To-Read Tuesday [Banned Books edition]

In honor of Banned and Challenged Books Week (Sept 24-Oct 1), we’d like to share some of our new and old banned favorites with you! Join in the conversation in the comments below or on Facebook, Twitter or Google+ and spread the word during this fantastic week to celebrate the freedom to read!


  • Favorite: I can’t pick one! I’d have to say Native Son by Richard Wright, Little House on the Prairie by Laura Ingalls Wilder and The Perks of Being a Wallflower by Stephen Chbosky.
  • Reading this week: Snow Falling on Cedars by David Guterson and Lord of the Flies by William Golding and I’m also leading a Banned/Challenged Books Book Discussion at my library.
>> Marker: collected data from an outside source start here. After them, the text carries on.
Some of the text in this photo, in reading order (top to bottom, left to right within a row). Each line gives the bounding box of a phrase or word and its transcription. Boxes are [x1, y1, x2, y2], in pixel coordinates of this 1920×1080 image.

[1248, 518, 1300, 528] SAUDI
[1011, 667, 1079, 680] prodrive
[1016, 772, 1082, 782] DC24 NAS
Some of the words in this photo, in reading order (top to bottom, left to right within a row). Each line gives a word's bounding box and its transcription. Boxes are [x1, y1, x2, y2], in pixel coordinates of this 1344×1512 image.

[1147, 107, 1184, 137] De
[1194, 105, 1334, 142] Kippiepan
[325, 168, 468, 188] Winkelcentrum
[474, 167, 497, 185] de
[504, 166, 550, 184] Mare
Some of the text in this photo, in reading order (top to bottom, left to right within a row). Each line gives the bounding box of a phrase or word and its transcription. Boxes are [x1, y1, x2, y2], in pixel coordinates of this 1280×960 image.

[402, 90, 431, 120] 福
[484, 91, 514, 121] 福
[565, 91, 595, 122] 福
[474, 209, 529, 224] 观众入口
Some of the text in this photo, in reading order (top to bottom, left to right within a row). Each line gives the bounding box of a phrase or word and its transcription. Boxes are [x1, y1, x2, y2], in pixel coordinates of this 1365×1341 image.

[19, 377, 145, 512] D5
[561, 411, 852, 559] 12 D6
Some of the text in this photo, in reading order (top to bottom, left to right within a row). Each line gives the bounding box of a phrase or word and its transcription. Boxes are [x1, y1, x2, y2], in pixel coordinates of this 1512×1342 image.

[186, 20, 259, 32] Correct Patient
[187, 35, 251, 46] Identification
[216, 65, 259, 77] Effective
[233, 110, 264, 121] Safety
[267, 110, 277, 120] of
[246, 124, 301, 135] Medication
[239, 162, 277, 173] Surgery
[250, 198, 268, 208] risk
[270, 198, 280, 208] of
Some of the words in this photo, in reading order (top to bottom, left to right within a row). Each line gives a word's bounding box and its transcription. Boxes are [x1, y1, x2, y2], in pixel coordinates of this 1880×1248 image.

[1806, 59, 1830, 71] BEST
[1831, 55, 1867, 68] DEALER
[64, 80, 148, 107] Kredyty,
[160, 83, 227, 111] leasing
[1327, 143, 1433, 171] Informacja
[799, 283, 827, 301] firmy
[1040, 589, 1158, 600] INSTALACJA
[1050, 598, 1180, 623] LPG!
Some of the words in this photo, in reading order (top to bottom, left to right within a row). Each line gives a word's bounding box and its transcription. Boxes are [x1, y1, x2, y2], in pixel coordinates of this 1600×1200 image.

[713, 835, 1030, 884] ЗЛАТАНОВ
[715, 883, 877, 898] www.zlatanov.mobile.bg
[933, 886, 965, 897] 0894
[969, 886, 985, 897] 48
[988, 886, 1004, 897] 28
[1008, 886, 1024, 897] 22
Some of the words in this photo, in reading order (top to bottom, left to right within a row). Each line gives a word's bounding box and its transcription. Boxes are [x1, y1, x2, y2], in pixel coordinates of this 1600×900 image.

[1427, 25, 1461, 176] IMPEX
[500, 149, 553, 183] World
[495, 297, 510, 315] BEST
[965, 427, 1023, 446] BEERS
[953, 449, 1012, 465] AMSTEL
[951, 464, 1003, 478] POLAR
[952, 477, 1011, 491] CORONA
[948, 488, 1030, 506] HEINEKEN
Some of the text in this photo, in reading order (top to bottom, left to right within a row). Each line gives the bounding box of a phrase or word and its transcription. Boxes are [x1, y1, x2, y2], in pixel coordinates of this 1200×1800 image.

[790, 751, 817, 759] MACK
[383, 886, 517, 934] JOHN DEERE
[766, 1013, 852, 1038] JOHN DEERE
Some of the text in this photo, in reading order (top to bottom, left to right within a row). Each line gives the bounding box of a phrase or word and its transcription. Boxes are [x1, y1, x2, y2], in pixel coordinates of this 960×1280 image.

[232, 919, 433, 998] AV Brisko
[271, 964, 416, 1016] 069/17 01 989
  • Favorite: one of the more famous banned books: Farenheit 451 by Ray Bradbury. I love it so much I have this t-shirt. Also George Orwell’s 1984 and The Handmaid’s Tale by Margaret Atwood. These three books are incredible, and I could write a super long list of other ones I like too.
  • Reading this week: One of the unfortunate side effects of doctoral studies is that I don’t really get to read pleasure books except for about 5 minutes before bed, and since my brain is so mushy by the time I crawl into bed I’ve just started reading kids’ books. Right now it’s Grimm’s Fairy Tales, which I’m sure in one of its many incarnations has been banned at some point.
  • Favorite: I also can’t choose just one!  Invisible Man by Ralph Ellison: in college, I took a class on just this book.  blew. my. mind.  The Awakening by Kate Chopin: I haven’t read this book since high school, but I still remember the heated discussion our class had over the ending. And Tango Makes Three by Justin Richardson and Peter Parnell: Seriously, how could you ban penguins?
  • Reading this week:  I think we should be reading banned books all year long! This week I’m not reading a banned book because I’m too caught up with a recent release (The Family Fang by Kevin Wilson) that I just can’t put down! I wouldn’t be surprised if someone eventually challenged it.
  • Favorite: Oh, man… Maybe it’s a cliche, but Catcher in the Rye seriously changed the course of my life.  Grapes of Wrath and East of Eden are also up there.  When I was in middle school the librarian went out of her way to order these for me from the high school library, so I have a soft spot for the intellectual freedom implications.  I wasn’t really ready for them then, but when I re-read them as an adult, I was floored.  It was spiritual.
  • Reading this week: I’m re-reading Julia Mickenberg, Philip Nel, and Jack Zipes’s Tales for Little Rebels: A Collection of Radical Children’s Literature.  Julia Mickenberg also wrote Learning from the Left: Children’s Literature, the Cold War, and Radical Politics in the United States, and she’s a big favorite. Little Rebels contains a huge collection of radical kid’s lit organized by theme from the early 1900s on, reproduced in facsimiles, with author/illustrator bios and some critical commentary.  Political challenges aren’t as sexy as they used to be, but it’s oh-so-good!  The Marxist abecedarian alone is worth a look.
  • Favorite: My all-time favorite books are Grapes of Wrath, The Handmaid’s Tale, and To Kill A Mockingbird all of which were, surprisingly, assigned reading in high school.  I went to a fairly liberal private high school where we were encouraged to question authority and engage critically with assignments.  I would probably not the book lover I am today without these one.
  • Reading this week: The Hunger Games because I’m co-planning a huge event for the public library for the movie release in March.  (For the record, I am and will always be Team Gale!)
  • Favorite: I have a few favorites but among them are: Song of Solomon by Toni Morrison (she’s one of my favorite authors) and The Jungle by Upton Sinclair. After I read The Jungle, I didn’t eat hot dogs for YEARS. I read it in middle school and it opened my eyes to the way workers were treated pre-union days.
  • Reading this week: Not sure! My student group is doing a Banned Books event and we’re reading out from our banned book of choice. I might choose Heart of Darkness.

2 replies

  1. As a librarian at a school library, I have to rep kids lit and say my favorite banned book (or I should say series) is His Dark Materials by Philip Pullman. I first read it in high school, and it completely changed the way I view God, religion,love, the human soul, the afterlife…. Pretty good for just a kids book 😉


    • I LOVE His Dark Materials. I was so reluctant to read it at first because I wrote it off as a “kids book”. I used to be a picky reader, but I’ve changed my ways! Anyway, all my friends loved that series and I picked up the Golden Compass on a whim. Then I read all the books in a week. It was that good. It has really interesting themes in it and I feel like it’s more than just a kids book.